For quick and efficient learning, employ a varied arsenal of practice techniques, including:
• Beat-to-beat: working all the way through a passage by practicing from the first note of one beat to the first note of the subsequent beat.
• Rhythmic variation: long-short and short-long pairs of notes, or lengthening the first, second, third, or fourth note of each beat.
• Expand the circle: find the most difficult note in a passage, and then add the notes immediately before and after that note; on each repetition, add more notes before and after the problem spot.
• Working back method: play only the last beat of a passage, then play the last two beats, last three beats, etc.

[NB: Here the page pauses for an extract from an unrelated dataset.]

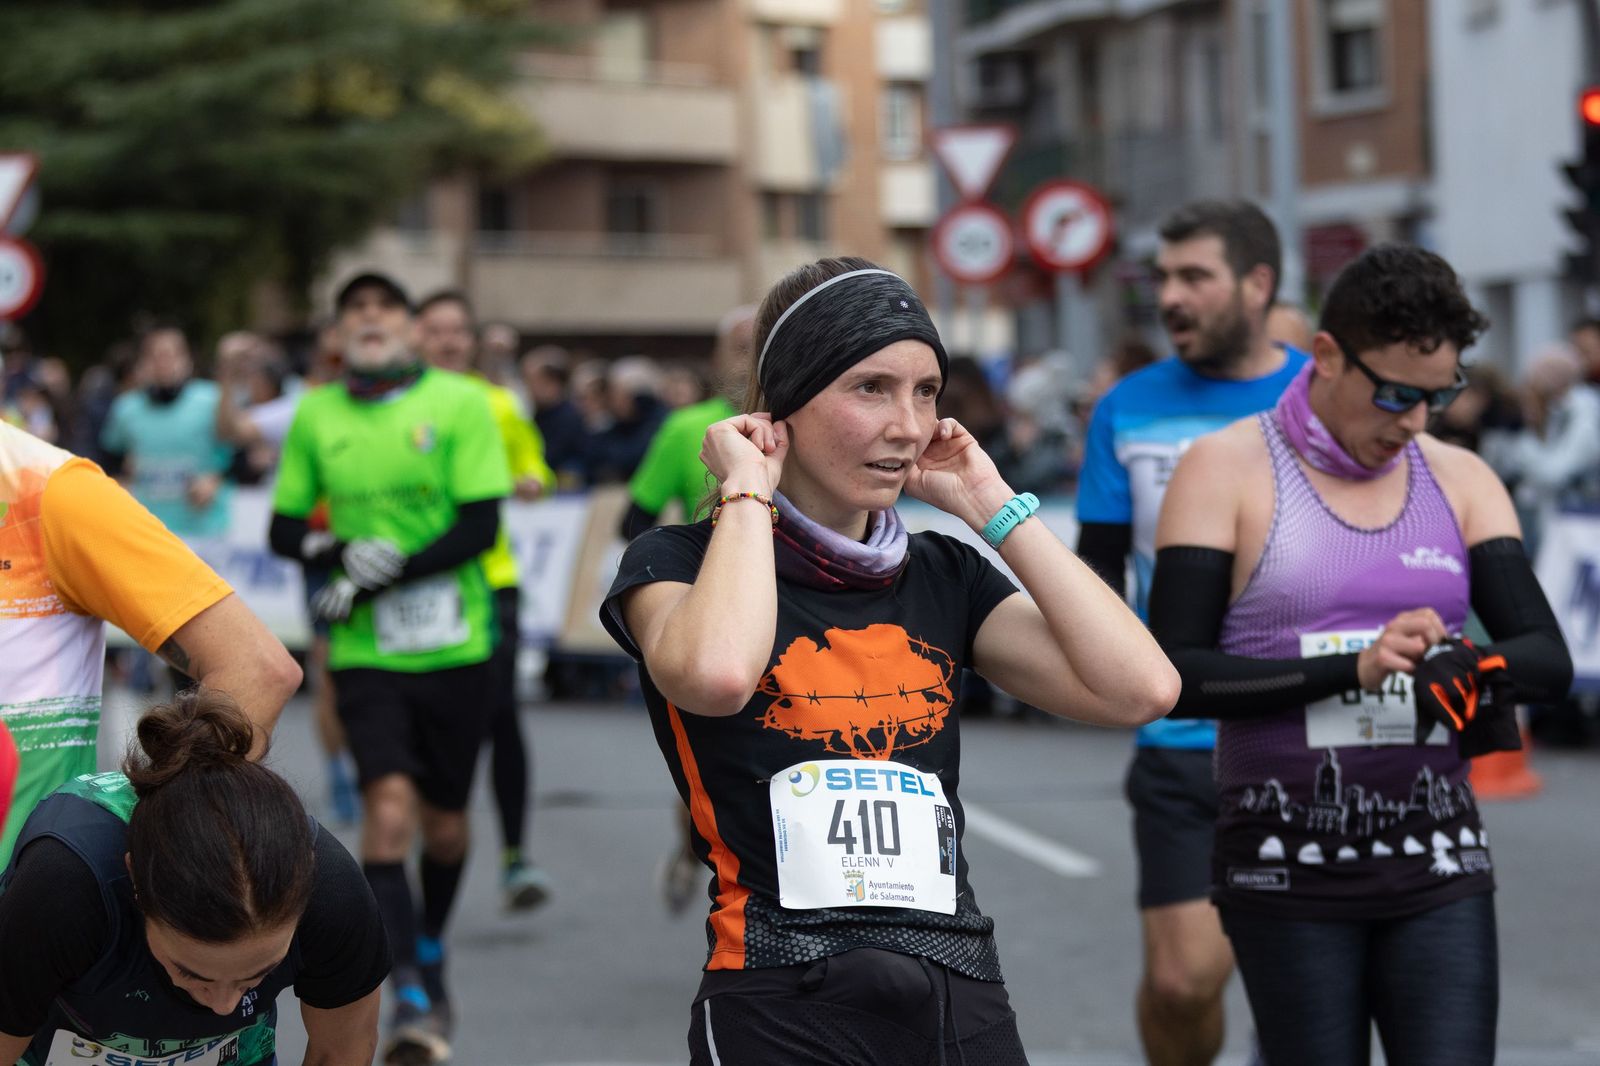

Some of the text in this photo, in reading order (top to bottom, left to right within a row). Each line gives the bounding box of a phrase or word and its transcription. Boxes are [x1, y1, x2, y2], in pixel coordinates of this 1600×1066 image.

• Metronome: practice with the metronome on a slow tempo and gradually increase speed. A common problem is practicing too fast and embedding mistakes, so a solution is to set the metronome to the performance tempo but practice half speed, as many times as desired. When the flutist feels secure, one and only one full-tempo performance may be attempted before returning to half-speed practice. Alternate full- and half-speed renditions as many times as necessary.
Performances of ballet music are dependent on tradition, as dancers sometimes rehearse with recordings before the final orchestral rehearsals and are used to those tempos. Still, pit musicians should keep alert and flexible, as conductors constantly adjust to the dancers. Companies presenting many performances often have several casts whose timing varies.
One general adage pertaining to playing in a pit: as tempting as it may be to enjoy the show, don’t watch the stage. You have a job to do, and you cannot miss an entrance.
Overture: Allegro giusto
Tempos in this number vary widely from one conductor to another, and there is no metronome indication in the score. The indication of giusto or strict implies a conservative pace, about q=112, but some conductors propel the tempo to a frantic 132. Substituting the right-hand ring finger for the pinky facilitates the opening solo:
No. 1, Scene: Allegro non troppo
The score says quarter note =126, but some conductors go as fast as 138. The tempo is flexible at poco più sostenuto; this solo section usually starts hesitatingly and picks up steam. Near the end of this scene, the accelerando from Più moderato to Allegro vivace poses a challenge. Some flutists prefer to work this out with regular fingerings. In a pinch, I realized, thanks to Bruce Bodden, principal flutist of the Spokane Symphony Orchestra, one can finger the E flats in the fourth measure of this passage as A plus both trill keys.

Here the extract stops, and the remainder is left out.